Mettiamo che lo dica. Perché vorrebbe dirlo, se solo non lo guidasse la responsabilità che ebbe la dabbenaggine di assumersi, tanti anni fa. Ma mettiamo che ora, la misura è colma, la noia avanza, i polli in festa, la giostra parlamentare fuori controllo, lo dica: “mi avete rotto le scatole, ciao ciao bambini.”
Subitaneamente la borsa schizzerebbe verso l’alto, ormai non c’è bisogno di essere del ramo, lo sappiamo. Corradino Mineo camminerebbe sull’acqua per qualche metro, Fini si affaccerebbe dal balcone della casa di Montecarlo con la sciura Tulliani ex-Gaucci salutando i monegaschi distratti, Scajola pure si affaccerebbe dalla casa di Roma, ma a sua insaputa. Nelle piazze ci sarebbe una gran festa viola e De Capitani officerebbe il Sabbah. E poi?
La fronda dei morti avanza. Gongolano, nella notte nera, non sanno che al primo raggio di sole saranno ridotti in polvere. Avessero mai in questi diciassette lunghi anni, dato un flebile cenno di avere minerva. In testa avevano una cosa sola: liberarsi di quell’atipico buontempone che voleva rompere tutte le dannate catene di Sant’Antonio che ricattano l’Italia. Il bipolarismo piace agli elettori, non agli eletti. Il bipolarismo è contro le parrocchiette e le spartizioni: va abbattuto. La riforma della giustizia non s’ha da fare. Fa comodo a tutti l’andazzo: ai politici furbi, che se la cavano sempre amoreggiando con le procure e contrattando impunità contro tradimento, ai magistrati che continuano a fare il bello ed il cattivo tempo, super-privilegiati, unti, presuntuosi e pretestuosi, ai criminali che se la spassano indisturbati, e a molti cittadini. Causa civile? Campa cavallo. Penale? Uguale. Per non parlare degli avvocati, nero a tutta birra ed incarichi eterni. Liberalizzazioni? E perché? Liberalizzare vuol dire dare possibilità, cedere quote di potere a qualcun altro, non se ne parla. Contrattazione diversificata? E perché? I finti industriali da salotto dal connubio con i sindacati ricavano gloria e profitti. Mica lavorano loro. Lavorano rumeni, cinesi, neri, e loro a straparlare con le sciarpette firmate e i braccialetti. Il popolo dei privilegiati è maggioritario. Include insegnanti, sovrintendenti, giornalisti, confindustriali, ordini professionali, uscieri, segretari comunali, portaborse, finte vittime della mafia, pentiti da operetta. L’elenco è troppo lungo, ma ci siamo capiti. Peggiori, molto peggiori dei giacobini, che se non altro erano mossi da fanatismo ideologico, non da puro strumentalismo. Questa massa becera che brama il caos per restare in sella, che non conosce scrupoli e che aborre la cultura e la meritocrazia non vuole che ci sia Italia.
L’avranno vinta. Certo. Ma quando finalmente avranno assaltato il palazzo e abbattuto “il tiranno”, cosa accadrà? C’è una minoranza silenziosa, sparsa in ogni contrada dello stivale, di brava gente che lavora di giorno, di notte, in silenzio, che non conosce malattia, al Nord ed al Sud, costretta a pagare il pizzo, a fare il nero-per-forza e che produce ricchezza e rispettabilità.
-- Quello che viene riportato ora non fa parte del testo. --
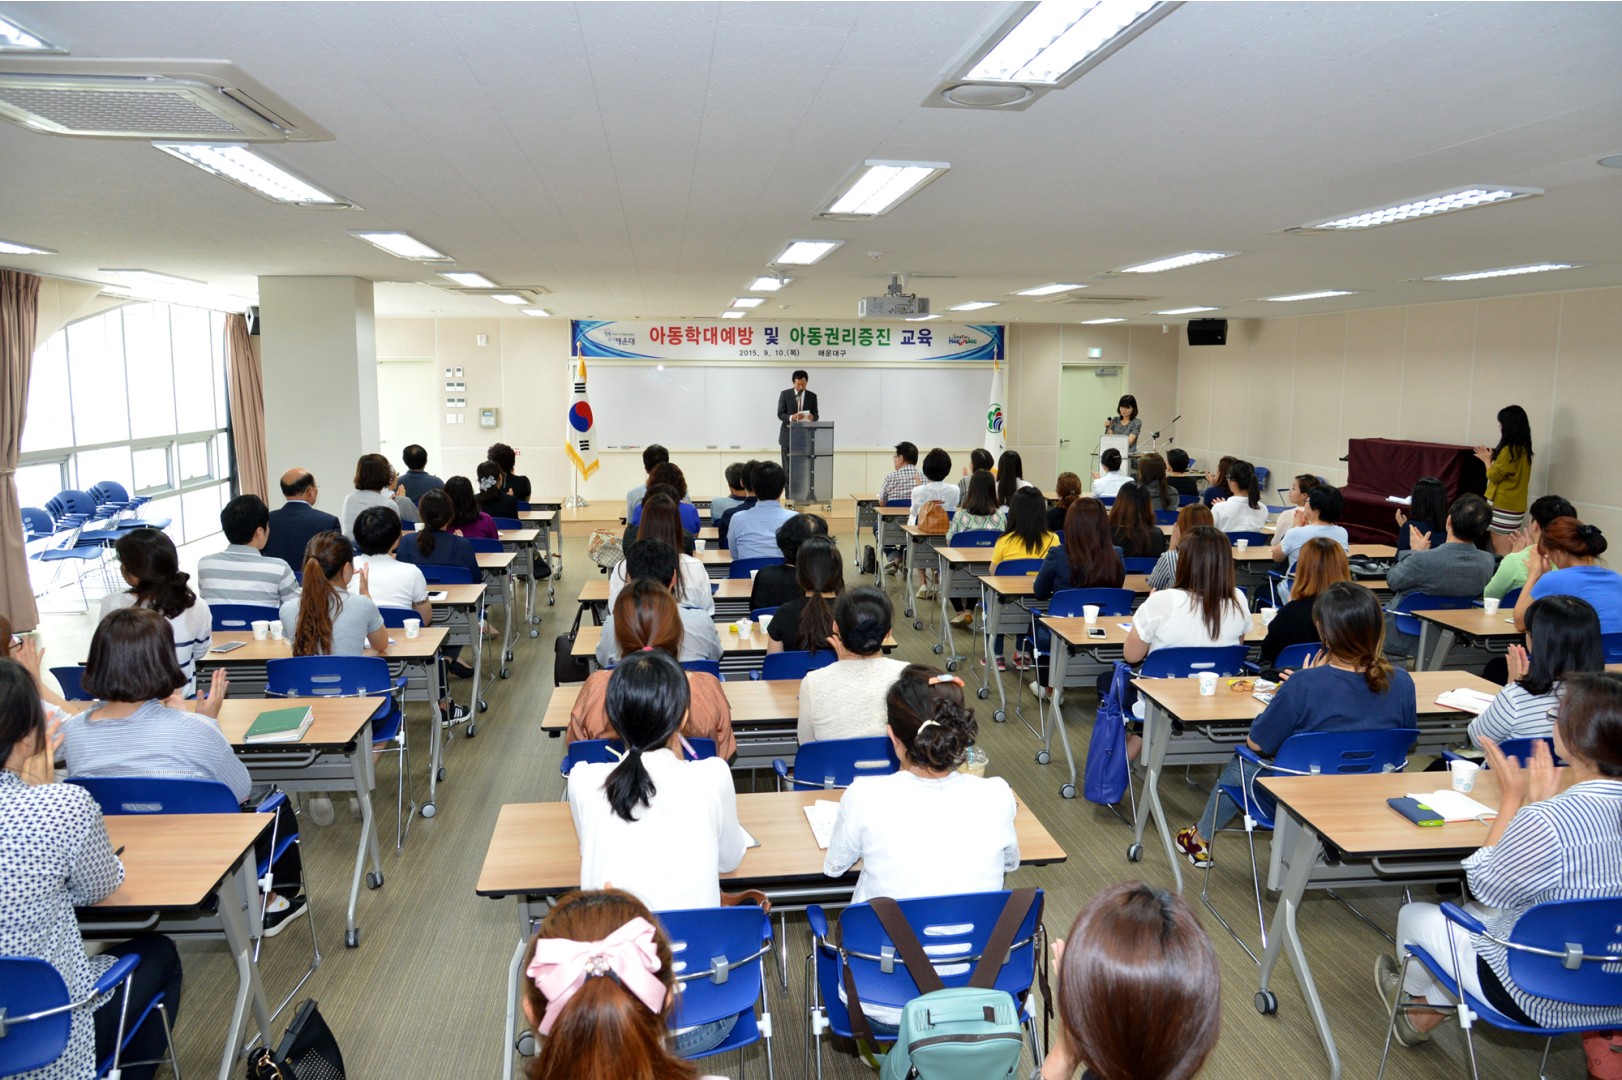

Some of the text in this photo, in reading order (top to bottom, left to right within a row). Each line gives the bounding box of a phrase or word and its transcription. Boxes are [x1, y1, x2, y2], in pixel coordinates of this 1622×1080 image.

Uomini senza ribalta televisiva, donne con le mani screpolate, bravi ragazzi. Gente di cui Marcegaglia, Montezemolo, Casini, Scajola, non conoscono l’esistenza asserragliati nei loro salotti, sulle poltrone di velluto. “Garzoni di bottega”, divenuti epiteto per offendere i gentiluomini. Da De Amicis a Della Valle ne abbiamo fatti di passi indietro, verso il precipizio. Loro stringevano la mano al Cav, ultima speranza. Che faranno questa volta? Assentiranno mogi, oppure prenderanno i martelli, le scope, le colle, la pittura, i bastoni dirigendosi composti verso Montecitorio? Sono loro che tengono in piedi l’Italia, mica questi tamarri dei vips. Solo che non lo sanno. Lo sapeva il Cav che in fondo era uno di loro, virtù e vizi, “il teatrino” lo chiamava. Scomparso lui, resteranno le marionette. Povera Italia.